**Data extract**:
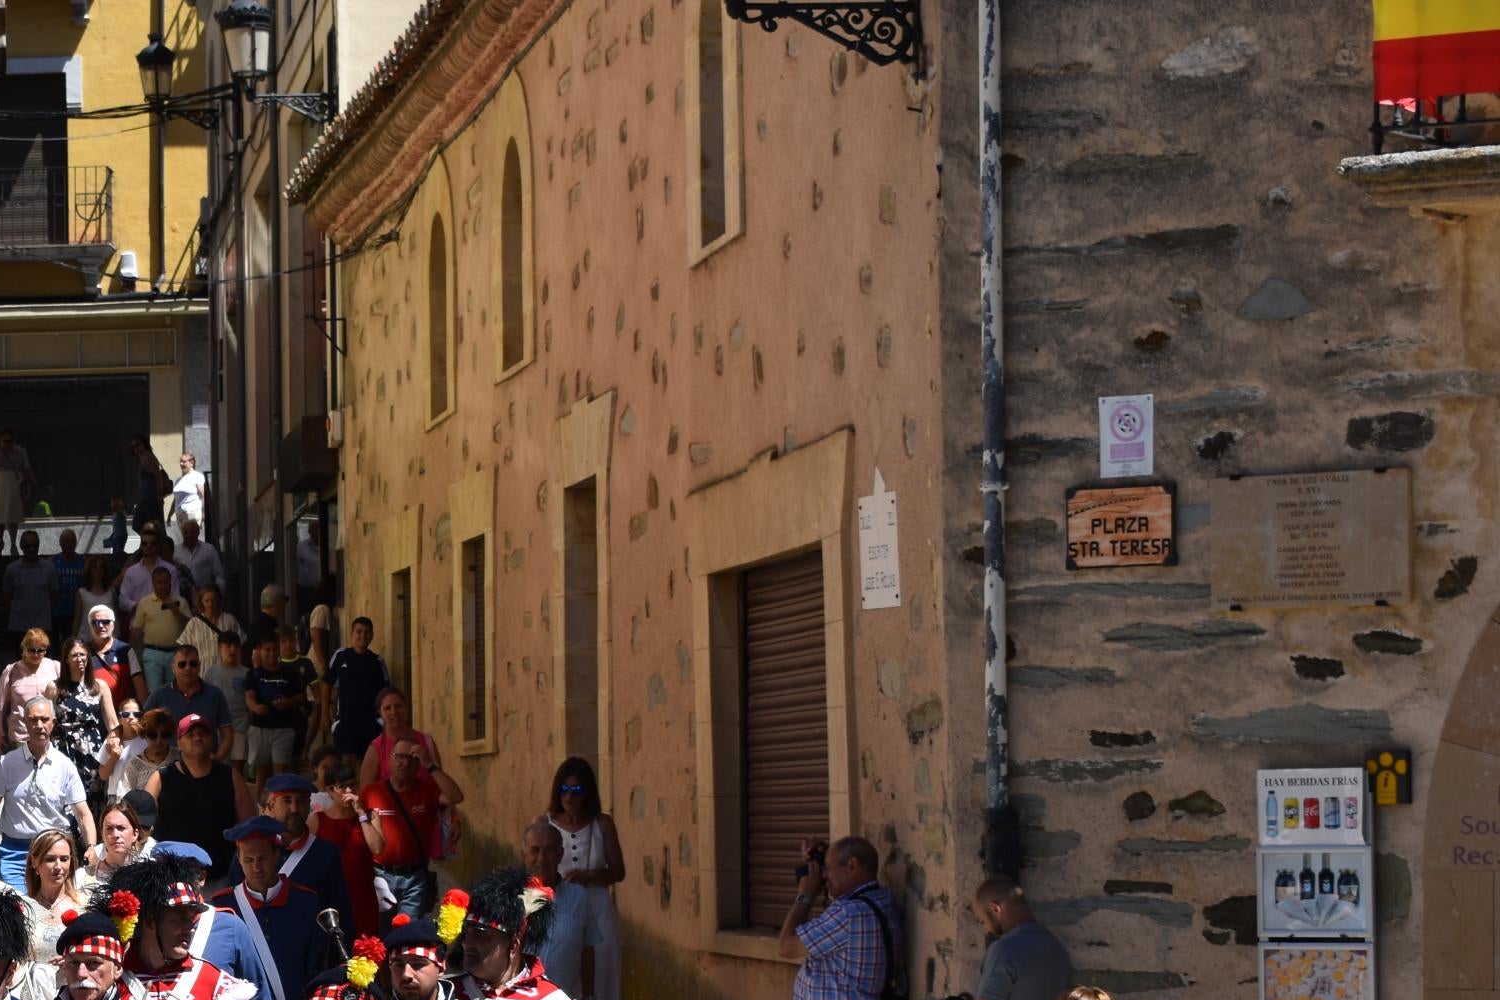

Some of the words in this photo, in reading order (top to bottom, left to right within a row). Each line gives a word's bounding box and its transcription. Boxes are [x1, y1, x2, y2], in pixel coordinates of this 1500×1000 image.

[1091, 516, 1149, 535] PLAZA
[1068, 541, 1104, 558] STA.
[1109, 538, 1171, 557] TERESA
[1264, 778, 1285, 787] HAY
[1287, 777, 1330, 787] BEBIDAS
[1331, 775, 1359, 786] FRÍAS
[1453, 846, 1500, 865] Rec

**What the task requires**:
Reproduce the whole of the data, word for word, and omit its pictures.

**Solution to this exercise**:
Some of the words in this photo, in reading order (top to bottom, left to right within a row). Each line gives a word's bounding box and its transcription. Boxes are [x1, y1, x2, y2], in pixel coordinates of this 1500×1000 image.

[1091, 516, 1149, 535] PLAZA
[1068, 541, 1104, 558] STA.
[1109, 538, 1171, 557] TERESA
[1264, 778, 1285, 787] HAY
[1287, 777, 1330, 787] BEBIDAS
[1331, 775, 1359, 786] FRÍAS
[1453, 846, 1500, 865] Rec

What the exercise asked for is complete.